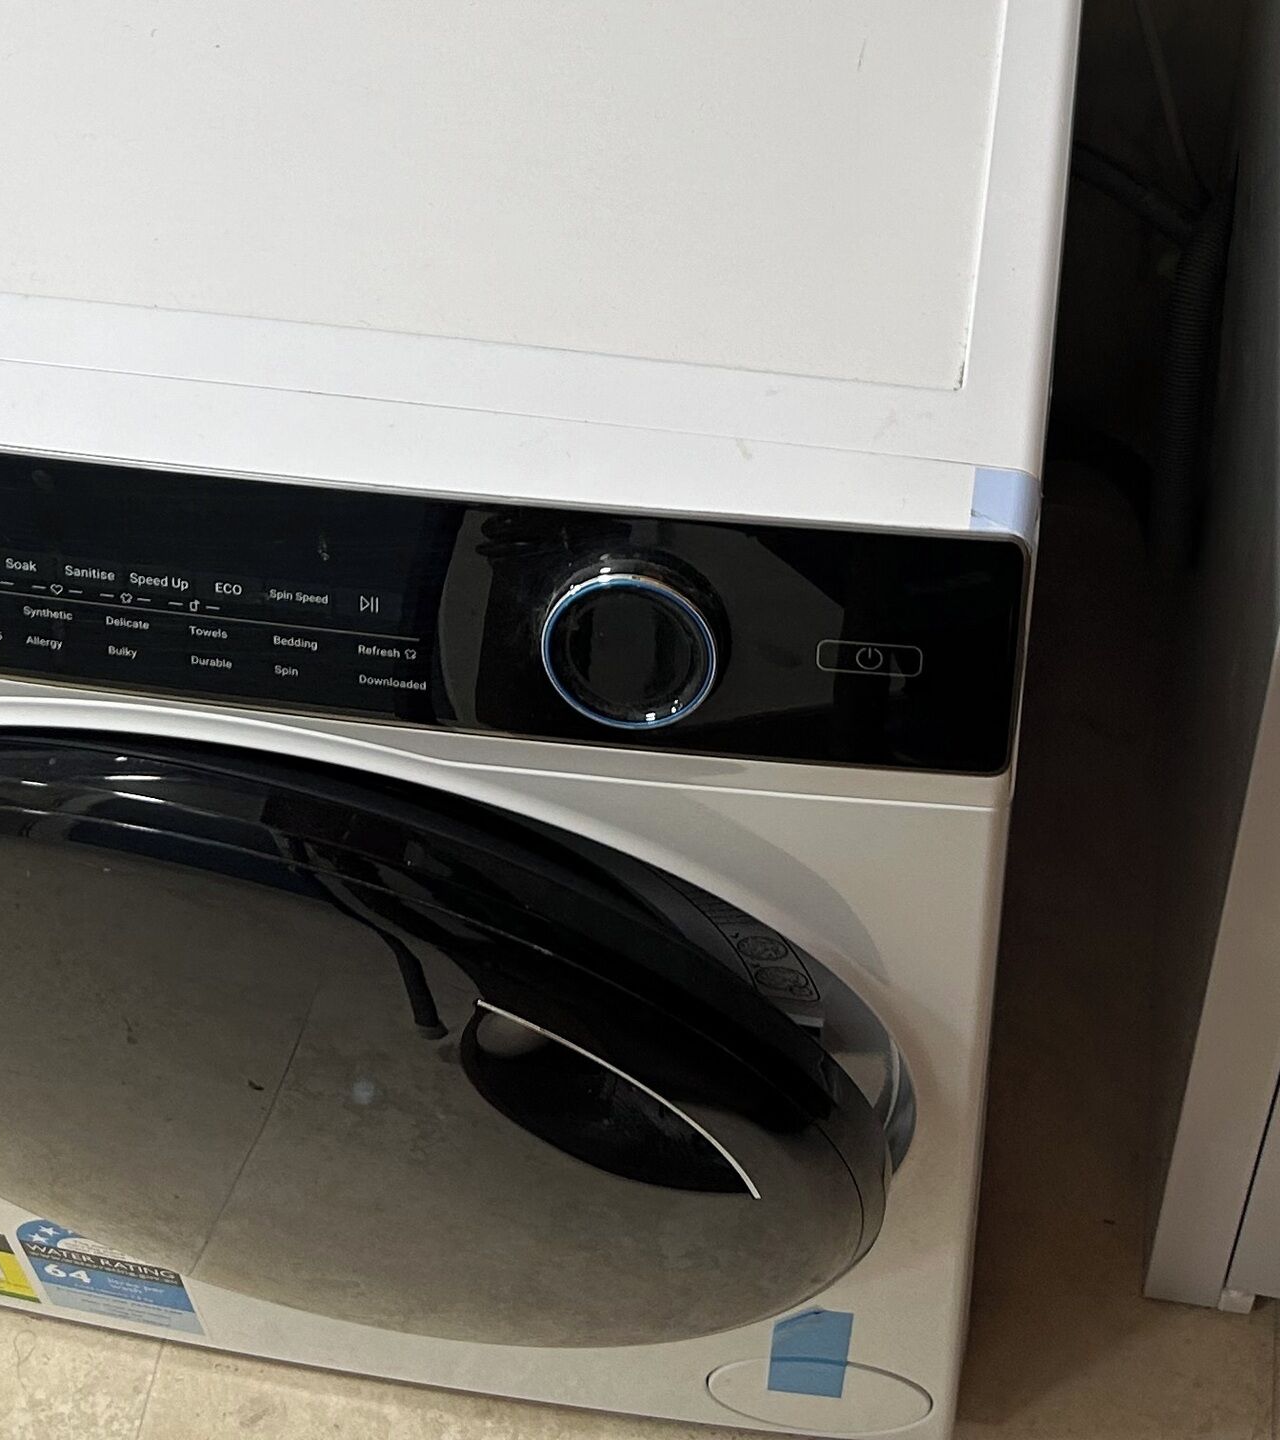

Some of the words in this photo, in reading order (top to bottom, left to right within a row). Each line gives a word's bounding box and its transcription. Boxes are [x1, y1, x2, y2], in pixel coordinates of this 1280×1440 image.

[5, 558, 37, 572] Soak
[64, 565, 116, 581] Sanitise
[129, 572, 168, 589] Speed
[171, 577, 189, 591] Up
[215, 582, 243, 596] ECO
[269, 589, 293, 601] Spin
[295, 591, 329, 605] Speed
[23, 606, 73, 621] Synthetic
[105, 616, 150, 630] Delicate
[189, 625, 228, 639] Towels
[273, 635, 318, 652] Bedding
[358, 644, 401, 659] Refresh
[26, 636, 63, 650] Allergy
[108, 645, 138, 660] Bulky
[191, 655, 233, 669] Durable
[274, 665, 299, 677] Spin
[359, 674, 427, 691] Downloaded
[25, 1243, 96, 1264] WATER
[100, 1257, 175, 1279] RATING
[43, 1264, 91, 1284] 64

* * * *

Copy out all the entries precisely. No images.

Some of the words in this photo, in reading order (top to bottom, left to right within a row). Each line gives a word's bounding box and its transcription. Boxes are [x1, y1, x2, y2], in pixel coordinates of this 1280×1440 image.

[5, 558, 37, 572] Soak
[64, 565, 116, 581] Sanitise
[129, 572, 168, 589] Speed
[171, 577, 189, 591] Up
[215, 582, 243, 596] ECO
[269, 589, 293, 601] Spin
[295, 591, 329, 605] Speed
[23, 606, 73, 621] Synthetic
[105, 616, 150, 630] Delicate
[189, 625, 228, 639] Towels
[273, 635, 318, 652] Bedding
[358, 644, 401, 659] Refresh
[26, 636, 63, 650] Allergy
[108, 645, 138, 660] Bulky
[191, 655, 233, 669] Durable
[274, 665, 299, 677] Spin
[359, 674, 427, 691] Downloaded
[25, 1243, 96, 1264] WATER
[100, 1257, 175, 1279] RATING
[43, 1264, 91, 1284] 64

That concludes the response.